Contradicting that, a high score can help you in pursuing a higher education by getting scholarships or grants.  

“We all have our own individual opinions about the ACT/SAT, but reality shows it is useful and receiving life changing scholarships and incentives. I think is important in the aspect that it can pay for your school,” Richardson said.

Suffering from Imposter Syndrome

Imposter syndrome is loosely defined as doubting your abilities and feeling like a fraud. It disproportionately affects high-achieving people, who find it difficult to accept their accomplishments. Many question whether they are deserving of accolades. (Ruchika Tulshyan and Jodi-Ann Burey) 

However, it can affect students who are pursuing higher education. Students often feel like they aren’t good enough to go to college. They worry about the little things and go into a loop where they cannot figure out if they want to go to college or if it is even worth it to go.  

“I’ve dealt with Imposter Syndrome after COVID-19 because we missed a year and a half. My biggest struggle became math and I want to major something math-related in college,” Galindo said. “I’ve always loved math, it was my favorite subject, but after the pandemic a whole year was lost and I felt lost too.”

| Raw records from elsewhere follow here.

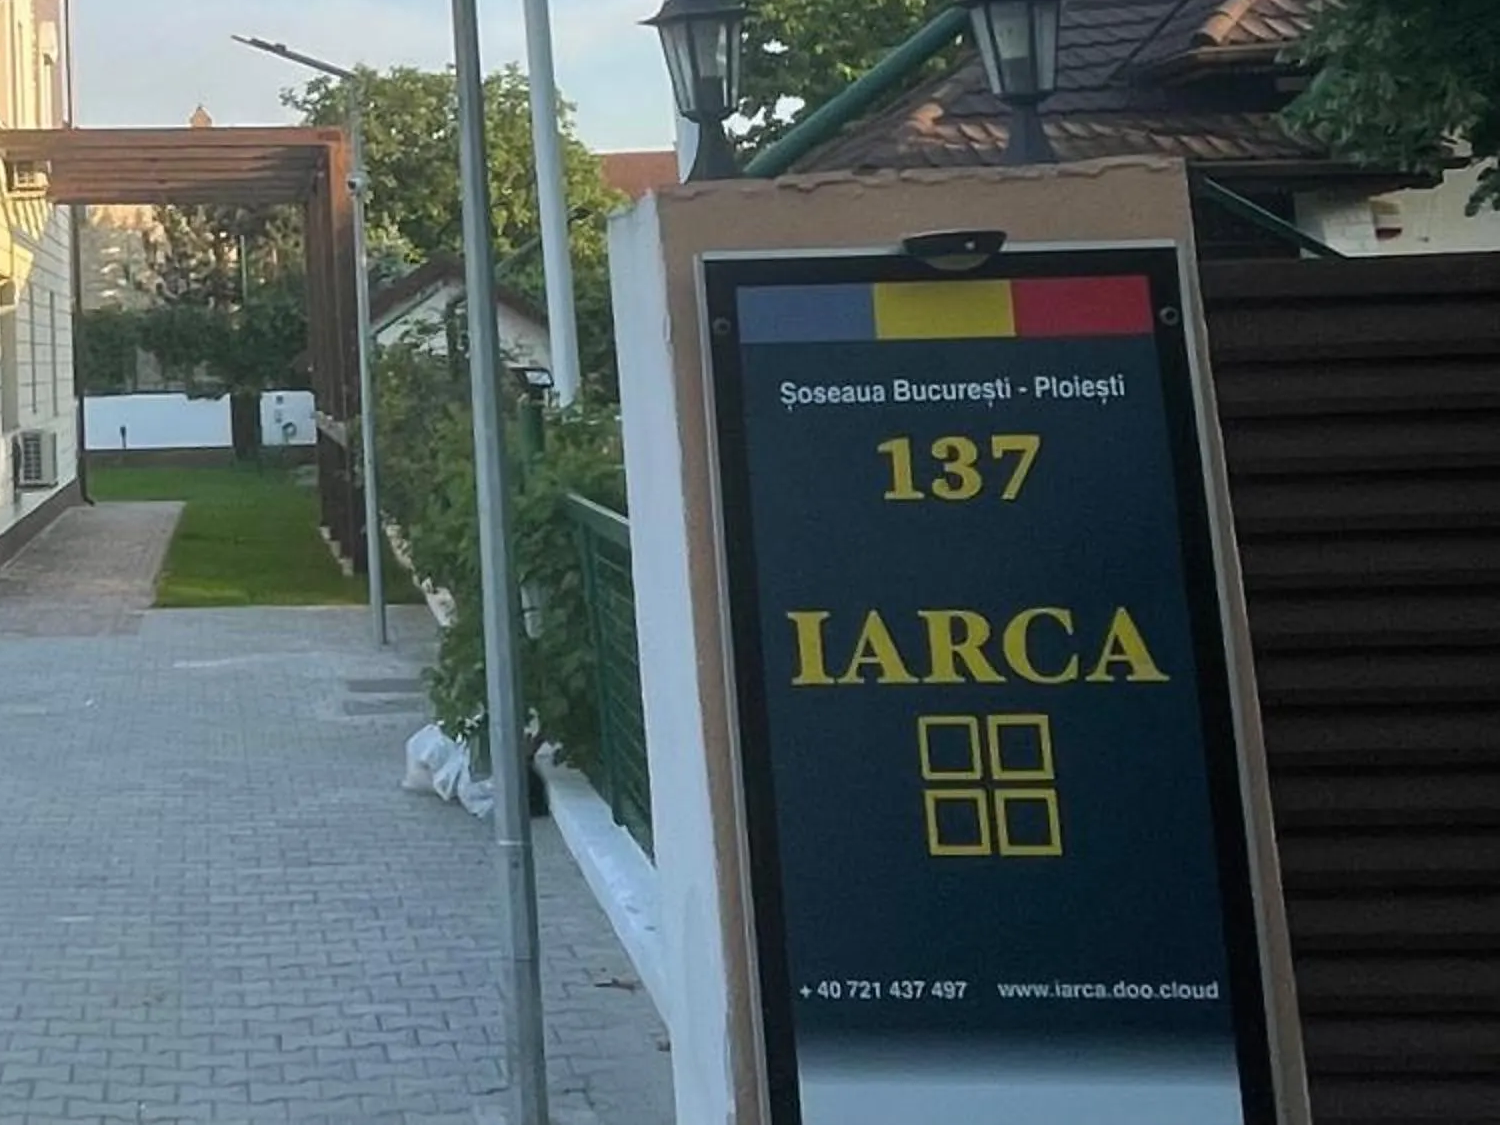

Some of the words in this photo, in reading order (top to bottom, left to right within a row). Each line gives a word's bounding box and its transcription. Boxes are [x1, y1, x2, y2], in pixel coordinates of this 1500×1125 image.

[780, 382, 885, 412] Șoseaua
[893, 377, 1012, 408] București
[1035, 374, 1126, 405] Ploiești
[877, 434, 1041, 501] 137
[786, 606, 1170, 686] IARCA
[817, 980, 841, 999] 40
[846, 980, 881, 999] 721
[889, 980, 925, 999] 437
[931, 980, 967, 1000] 497
[998, 980, 1219, 1000] www.iarca.doo.cloud

“I feel like some students don’t go to college because they feel is it impossible for them to go or there is a lack of example to show them they are capable. Students need the right guidance going into college. College at the same time is not for everyone,” Richardson said.

Not having it all figured out is okay, Smreker said.  

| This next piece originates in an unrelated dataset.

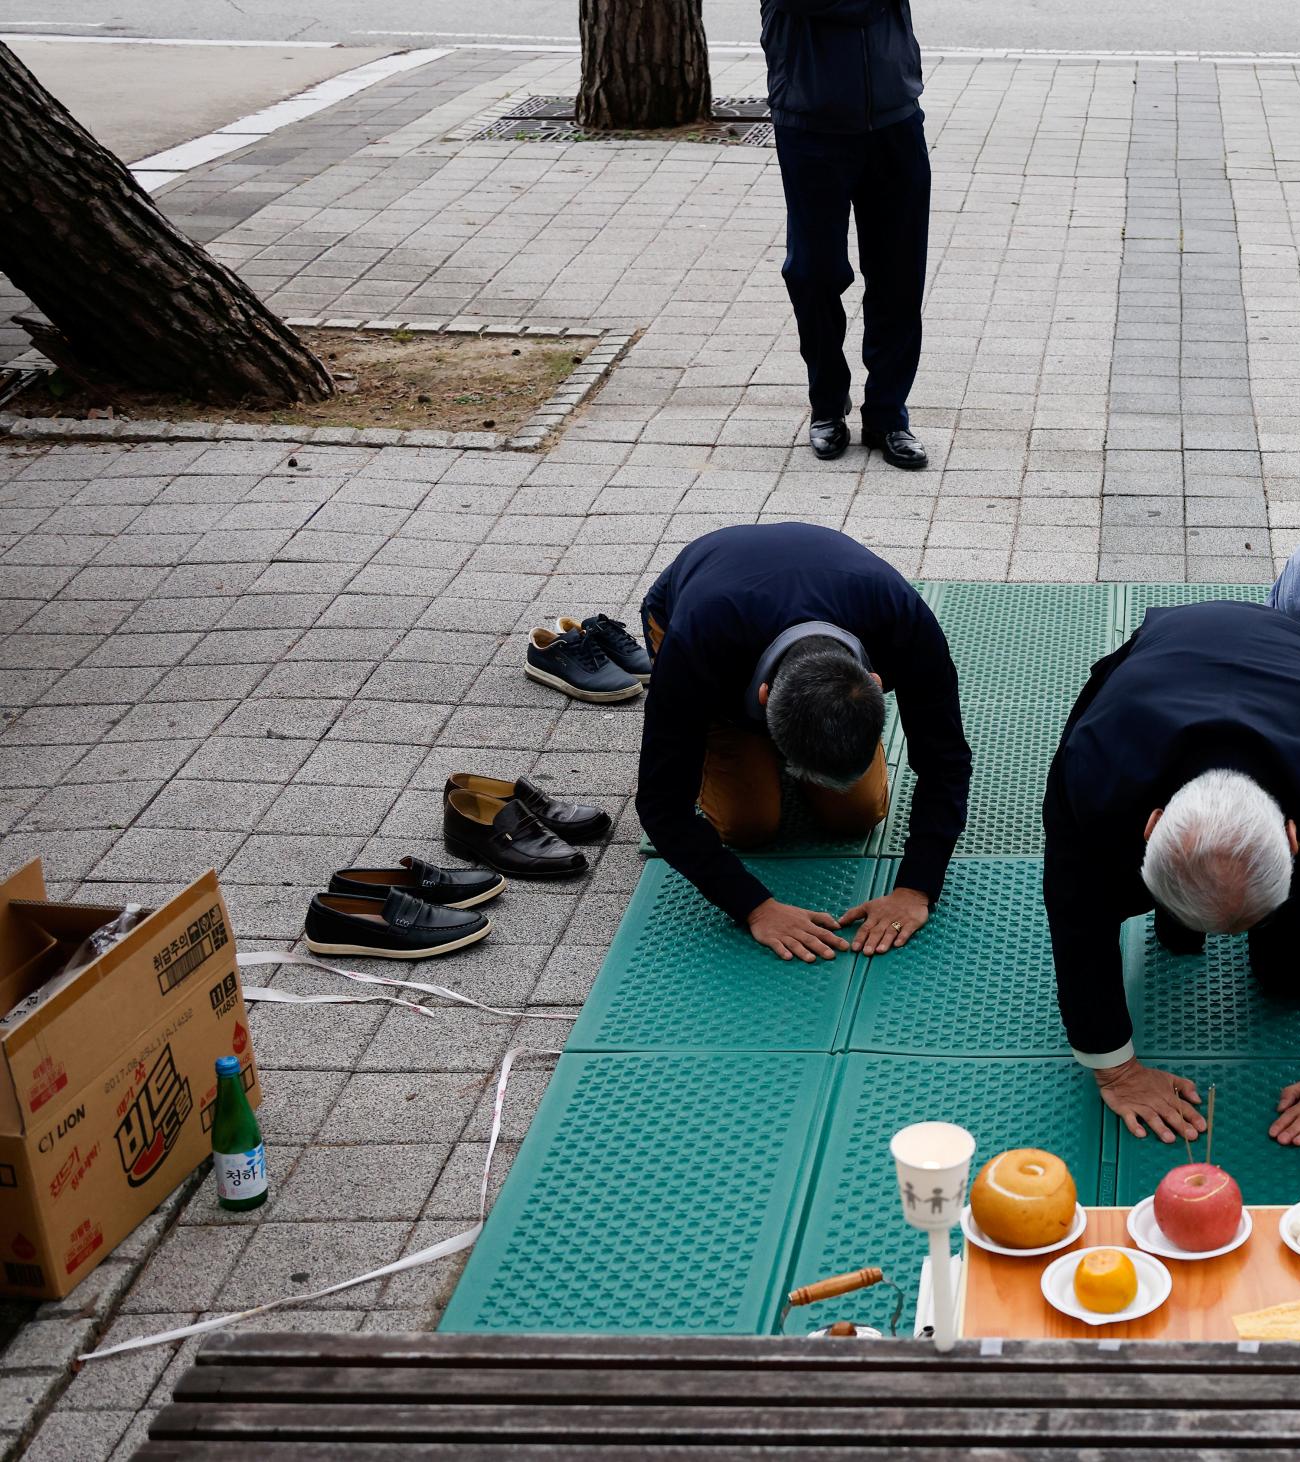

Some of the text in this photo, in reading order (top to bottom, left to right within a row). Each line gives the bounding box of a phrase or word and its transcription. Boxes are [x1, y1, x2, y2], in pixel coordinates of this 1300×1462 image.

“You don’t have to know exactly what you want to do. That is what college is for, for helping you chose a path, choose what classes are for you and even ones that aren’t. You don’t have to have it all figured out your freshmen, sophomore or even your junior year,” Smreker said. “Try to step outside your comfort zone though, try to experience the world with this new light that you have. An “adult” you have more freedom and you have a chance to figure out who you really are outside the walls of your high school and your parents’ house. You can really explore who you are and figure out what it is what you want and for what you stand for.”  

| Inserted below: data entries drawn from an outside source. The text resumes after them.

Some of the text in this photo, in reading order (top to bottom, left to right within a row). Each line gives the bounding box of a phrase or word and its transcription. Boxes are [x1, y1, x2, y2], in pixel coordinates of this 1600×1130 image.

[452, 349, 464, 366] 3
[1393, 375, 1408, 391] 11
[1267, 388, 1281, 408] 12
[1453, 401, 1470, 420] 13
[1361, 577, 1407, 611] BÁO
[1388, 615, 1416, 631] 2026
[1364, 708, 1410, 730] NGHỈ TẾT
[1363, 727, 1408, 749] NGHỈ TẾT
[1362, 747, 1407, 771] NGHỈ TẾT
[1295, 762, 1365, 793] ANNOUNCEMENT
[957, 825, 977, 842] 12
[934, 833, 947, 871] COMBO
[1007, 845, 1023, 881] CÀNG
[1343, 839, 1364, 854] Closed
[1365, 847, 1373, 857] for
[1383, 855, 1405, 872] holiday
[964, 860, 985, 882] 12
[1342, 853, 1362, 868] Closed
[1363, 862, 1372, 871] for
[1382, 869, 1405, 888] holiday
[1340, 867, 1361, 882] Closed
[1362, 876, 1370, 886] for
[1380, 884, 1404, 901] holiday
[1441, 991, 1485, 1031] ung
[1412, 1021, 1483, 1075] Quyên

College isn’t for everyone

“To say that college is ‘necessary’ to be successful would be excusing anyone who didn’t go to college and still has great success in life,” Richardson said. “You can own a flourishing business, or have a trade or be in another industry where college is not needed. College can be a great path to success but the student most make the most out of their experience.”

Smreker agreed that college is not for everyone.

“I don’t think that students should feel pressured to go straight into college or pick a college after high school,” Smreker said. “It is a huge decision to make, to decided that you want to go straight from high school where you might not have done super great super well into a very rigorous environment.”

Smreker went on to say that students often do well exploring trades or getting an associate’s degree, which is a two-year degree.

I know a lot of students that have done just as well going to technical school instead, or getting an association degree and making so much more money than I do,” she said.